### Exercise description:
Word for word, retype the lines from the one containing "Some of the text" to the last line of the data below, both ends included.

### Collected data:
*** Begin section ***
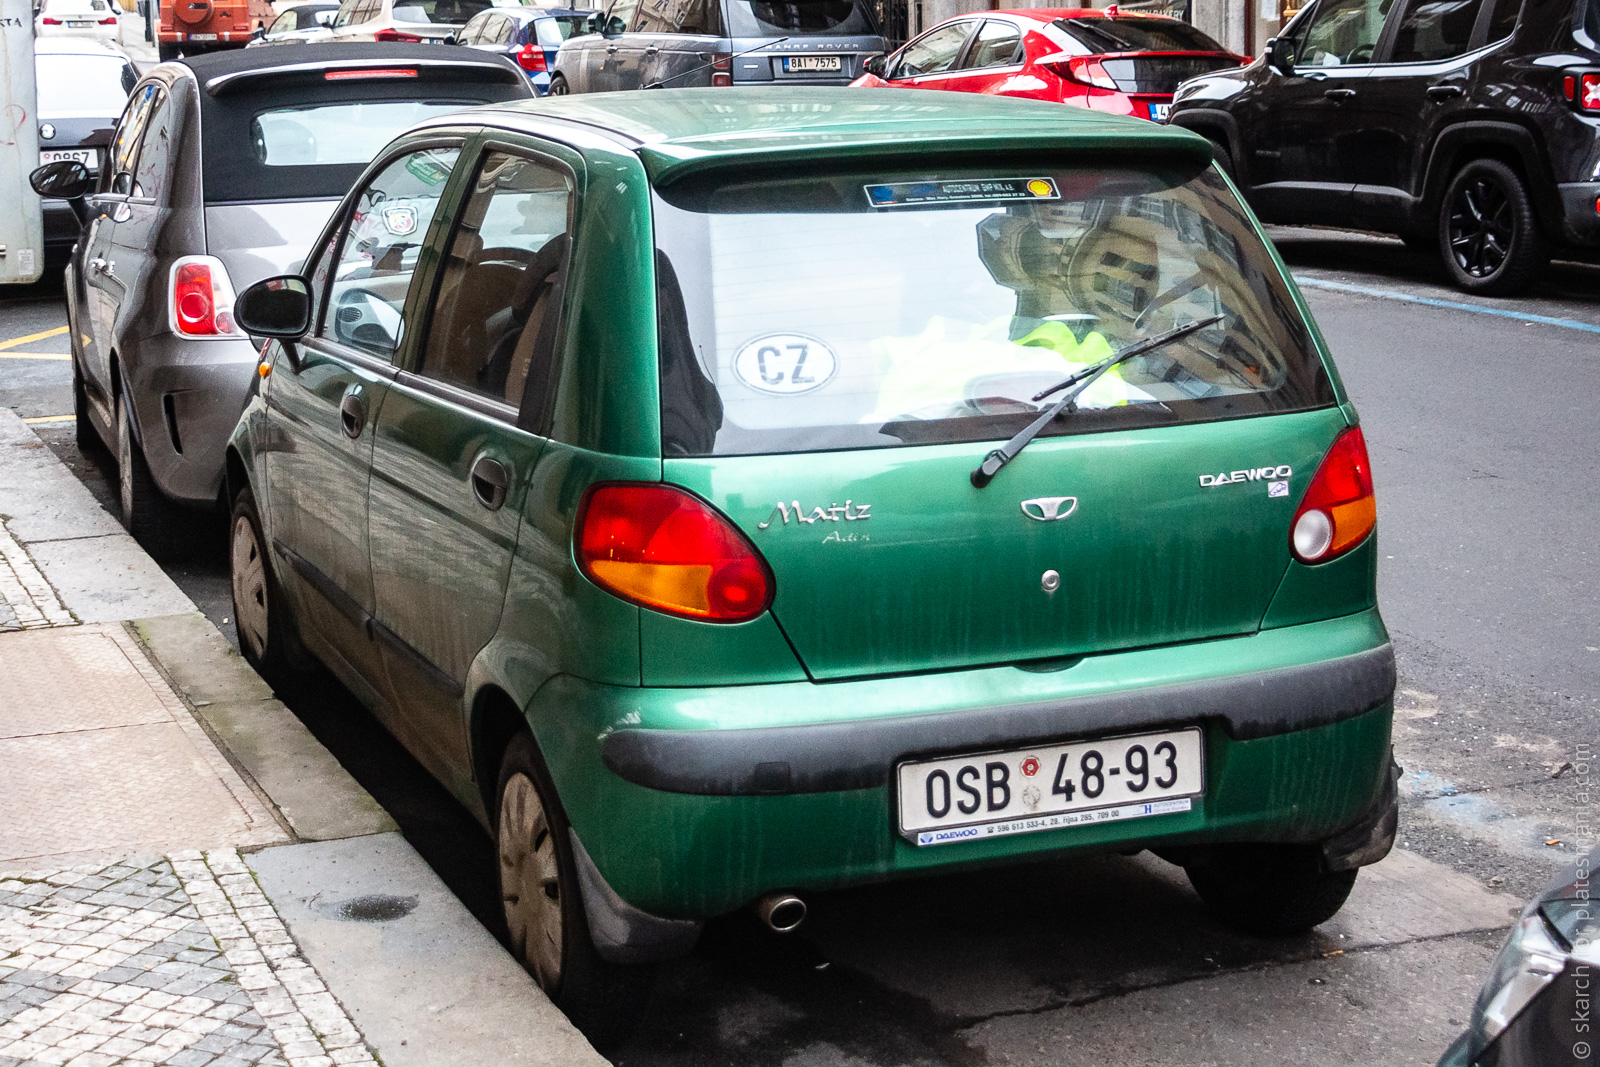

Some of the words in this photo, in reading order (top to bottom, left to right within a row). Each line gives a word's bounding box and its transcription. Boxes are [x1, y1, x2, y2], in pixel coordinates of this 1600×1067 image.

[814, 57, 837, 68] 7575
[757, 344, 816, 385] CZ
[1199, 464, 1293, 488] DAEWOO
[757, 499, 872, 528] Matiz
[926, 760, 1011, 819] OSB
[1051, 740, 1178, 802] 48-93
[935, 828, 978, 841] DAEWOO
[997, 824, 1010, 833] 596
[1011, 821, 1024, 831] 613
[1110, 809, 1120, 818] 00
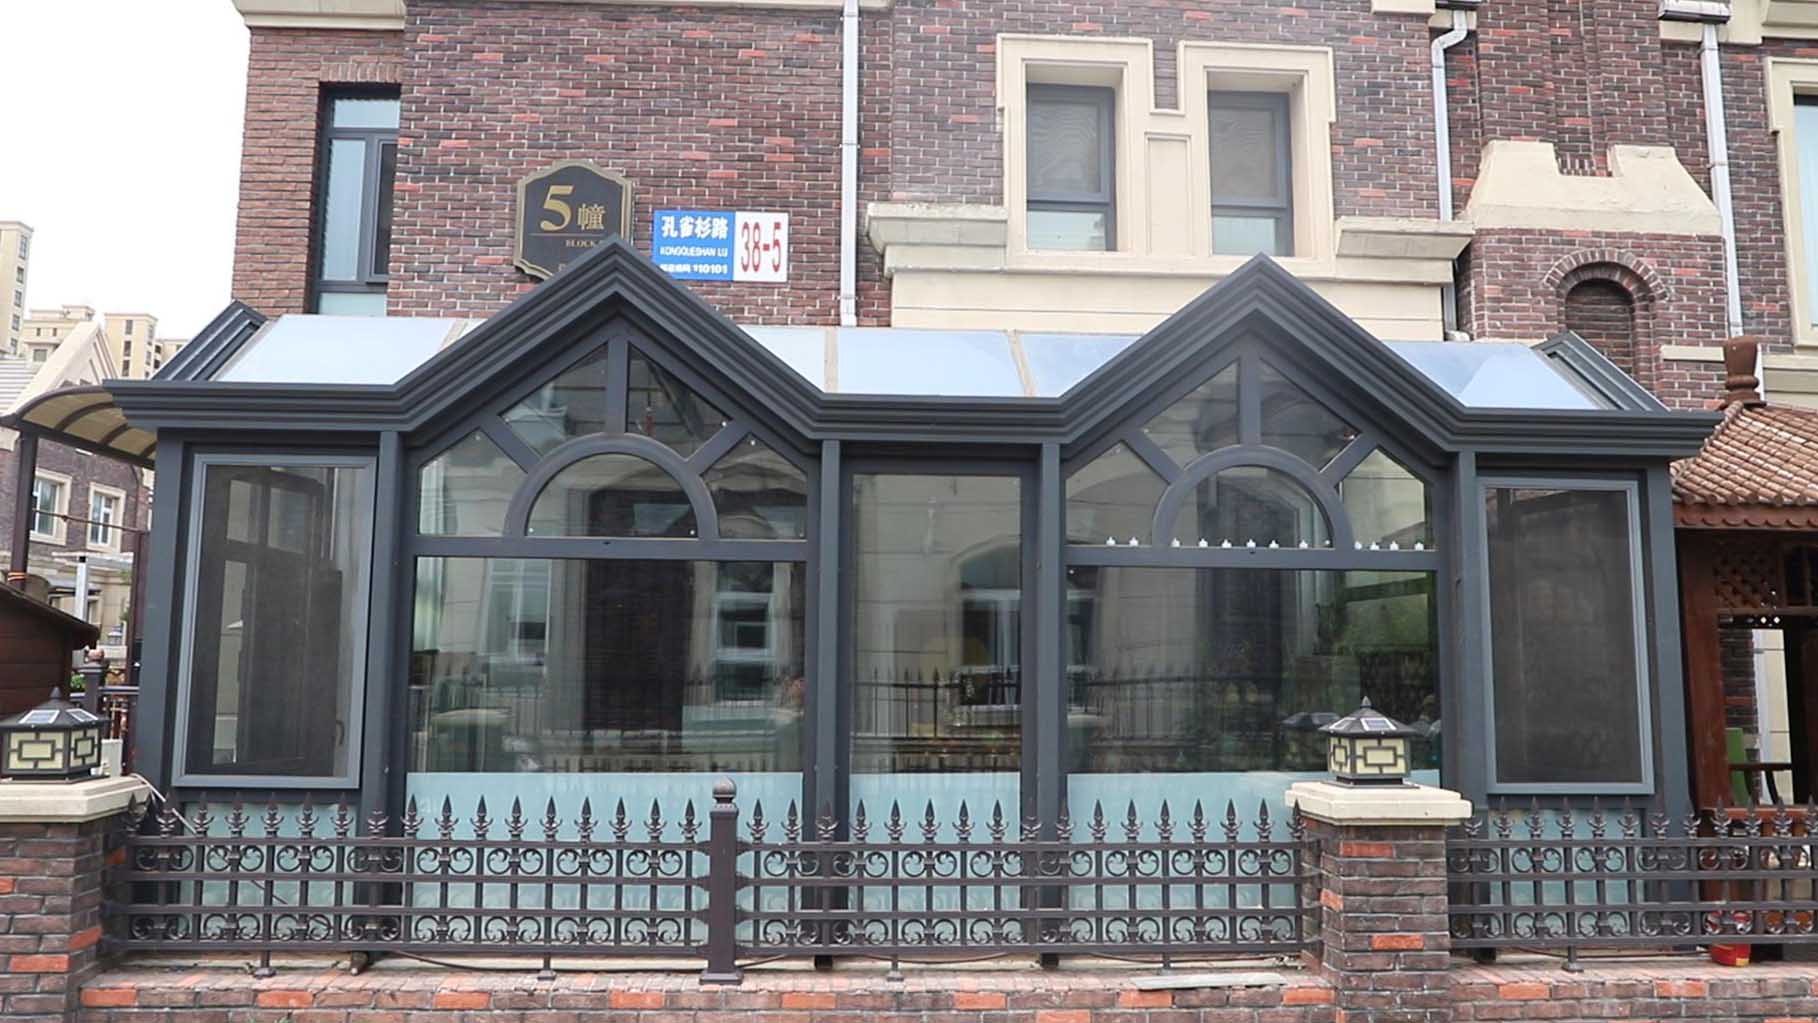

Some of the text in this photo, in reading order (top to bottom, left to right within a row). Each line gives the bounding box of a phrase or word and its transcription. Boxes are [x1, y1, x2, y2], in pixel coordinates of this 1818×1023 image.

[661, 215, 729, 239] 孔雀杉路
[717, 247, 729, 257] LU
[741, 221, 782, 273] 38-5
*** End section ***
### Solution to this task:
Some of the text in this photo, in reading order (top to bottom, left to right within a row). Each line gives the bounding box of a phrase or word and its transcription. Boxes are [x1, y1, x2, y2], in pixel coordinates of this 1818×1023 image.

[661, 215, 729, 239] 孔雀杉路
[717, 247, 729, 257] LU
[741, 221, 782, 273] 38-5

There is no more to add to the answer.